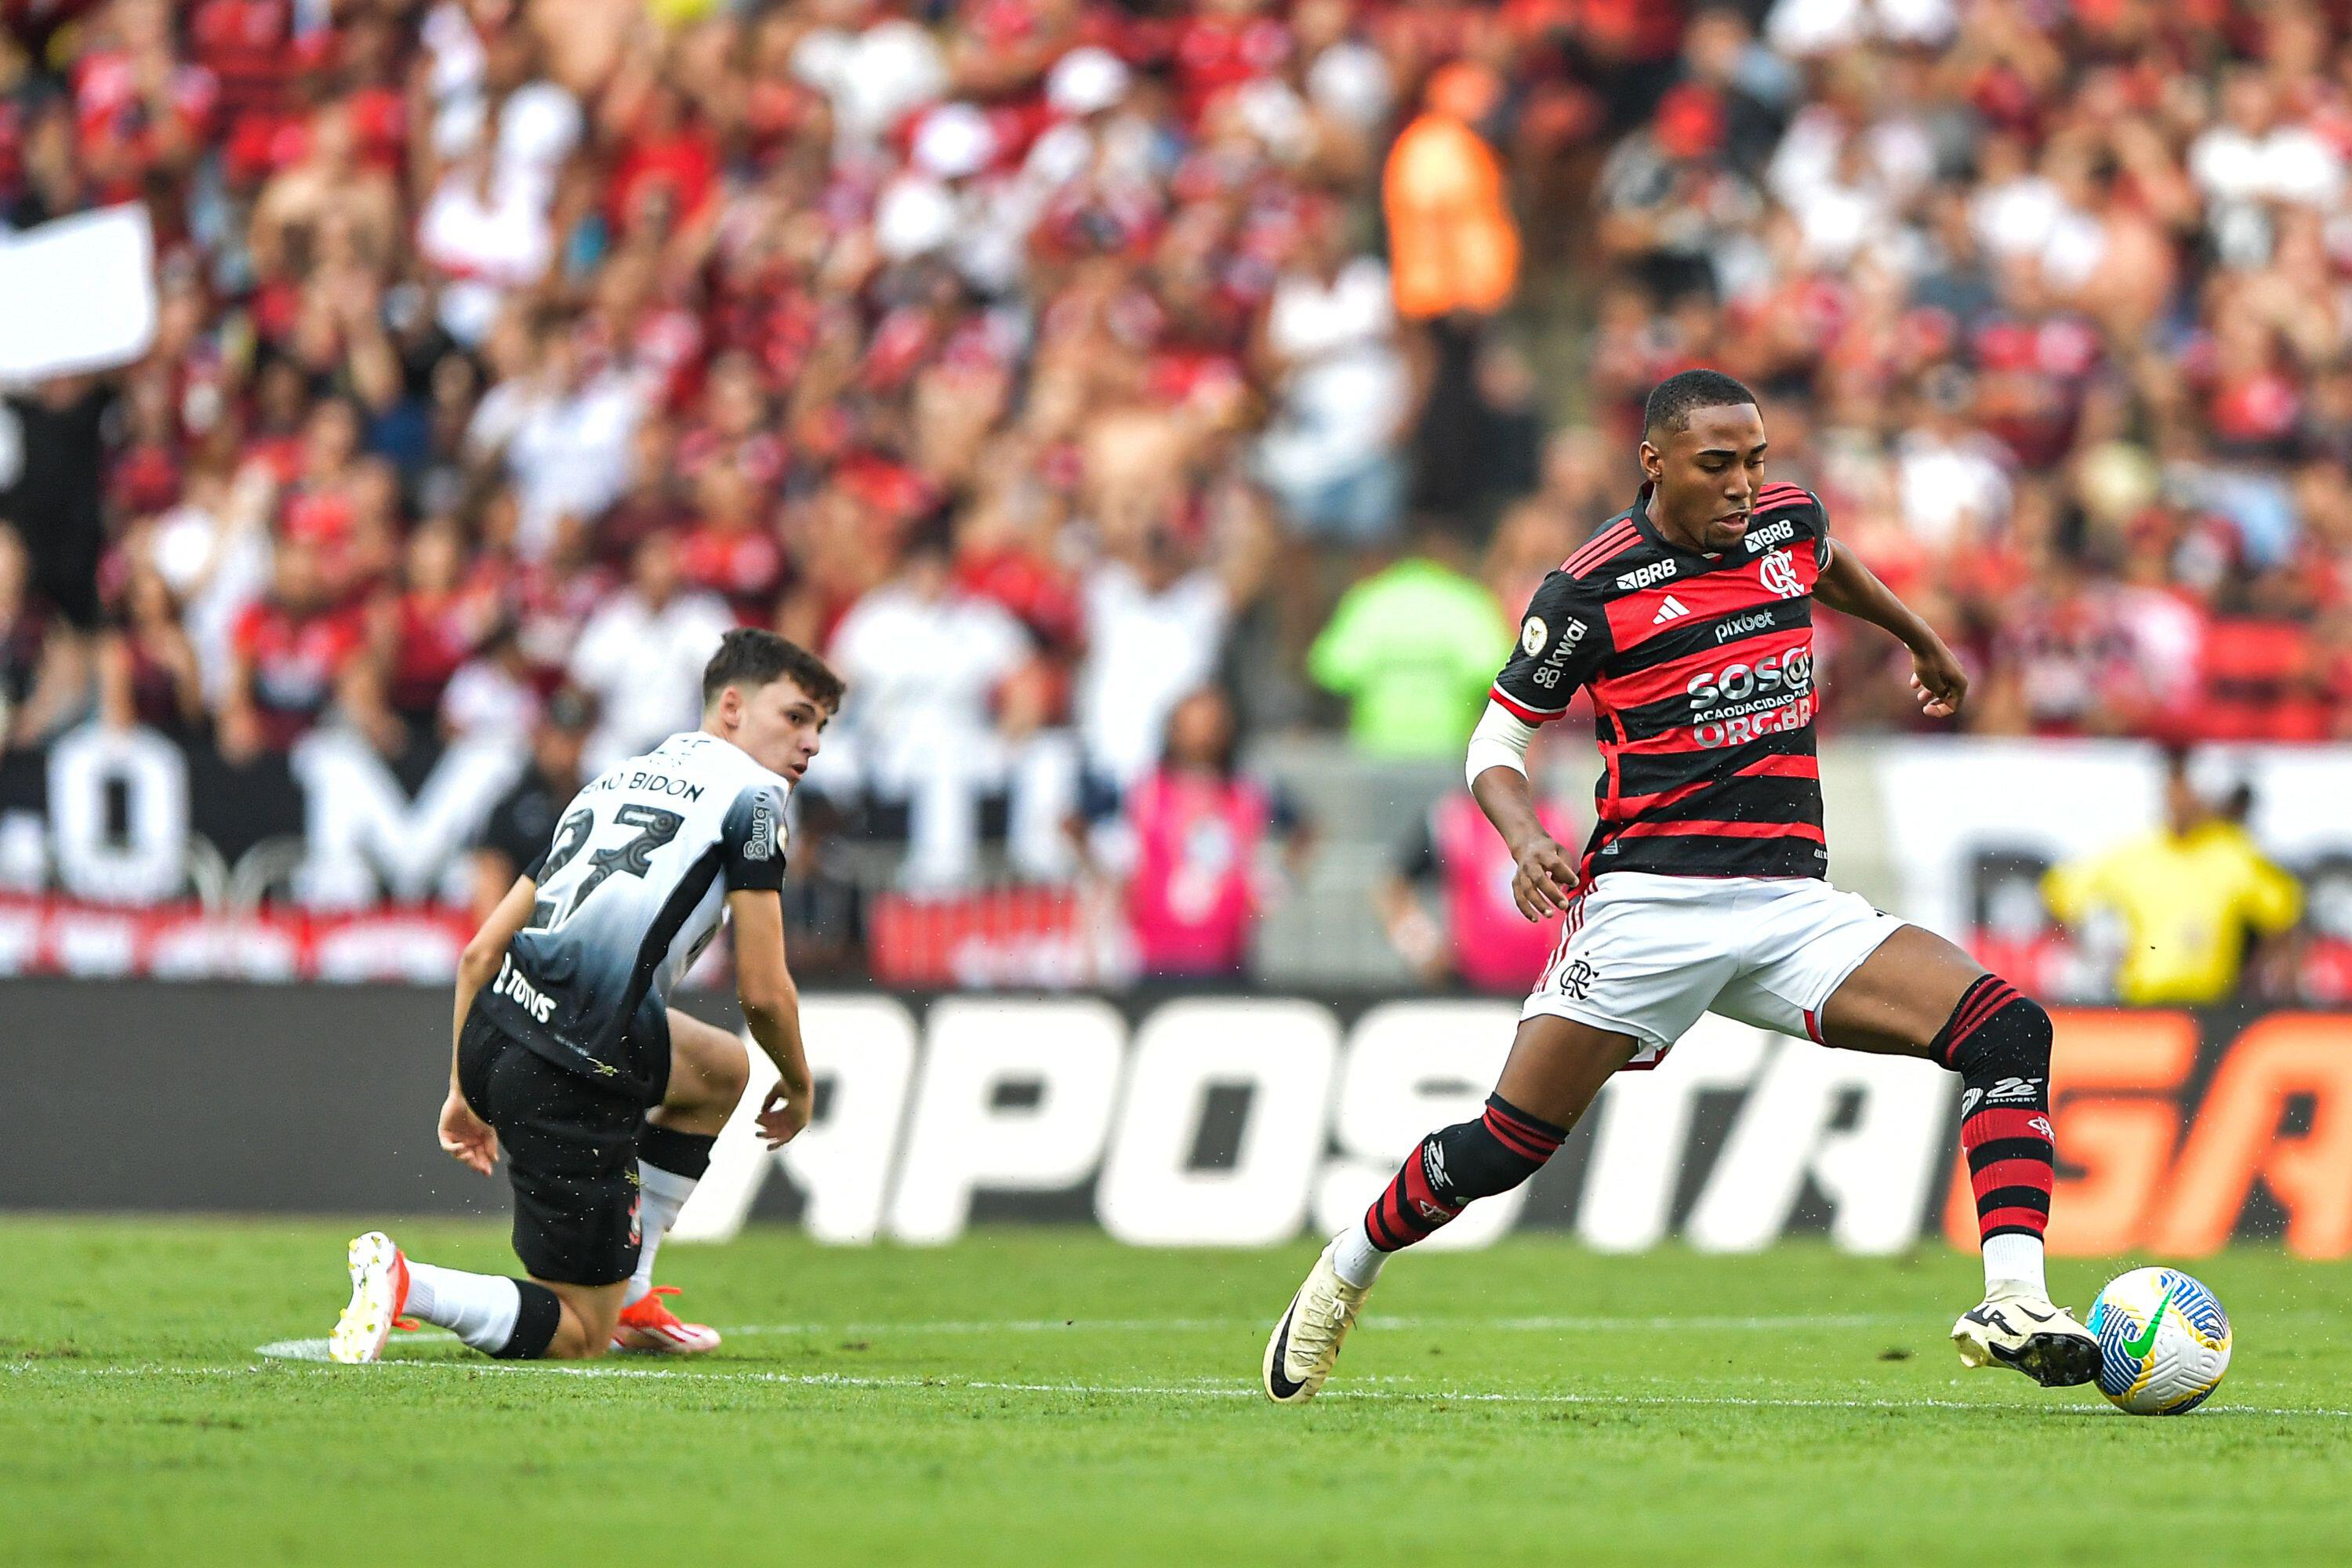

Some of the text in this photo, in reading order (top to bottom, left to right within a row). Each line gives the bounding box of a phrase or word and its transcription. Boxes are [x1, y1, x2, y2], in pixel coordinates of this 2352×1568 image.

[1759, 519, 1795, 547] BRB
[1635, 557, 1678, 589] BRB
[1543, 615, 1588, 667] kwai
[1715, 608, 1777, 644] pixbet
[1686, 646, 1810, 710] SOS@
[1693, 698, 1812, 749] ORG.BR
[628, 771, 705, 804] BIDON
[523, 803, 685, 931] 27
[504, 967, 557, 1024] TOTVS
[663, 993, 1958, 1253] APOSTA
[1985, 1096, 2037, 1105] DELIVERY

---

* _WORK INSTRUCTIONS_: Print all the lines above exactly as they are, but without the pictures.

* _SOLUTION TO THIS PROBLEM_:
Some of the text in this photo, in reading order (top to bottom, left to right within a row). Each line gives the bounding box of a phrase or word and its transcription. Boxes are [x1, y1, x2, y2], in pixel coordinates of this 2352×1568 image.

[1759, 519, 1795, 547] BRB
[1635, 557, 1678, 589] BRB
[1543, 615, 1588, 667] kwai
[1715, 608, 1777, 644] pixbet
[1686, 646, 1810, 710] SOS@
[1693, 698, 1812, 749] ORG.BR
[628, 771, 705, 804] BIDON
[523, 803, 685, 931] 27
[504, 967, 557, 1024] TOTVS
[663, 993, 1958, 1253] APOSTA
[1985, 1096, 2037, 1105] DELIVERY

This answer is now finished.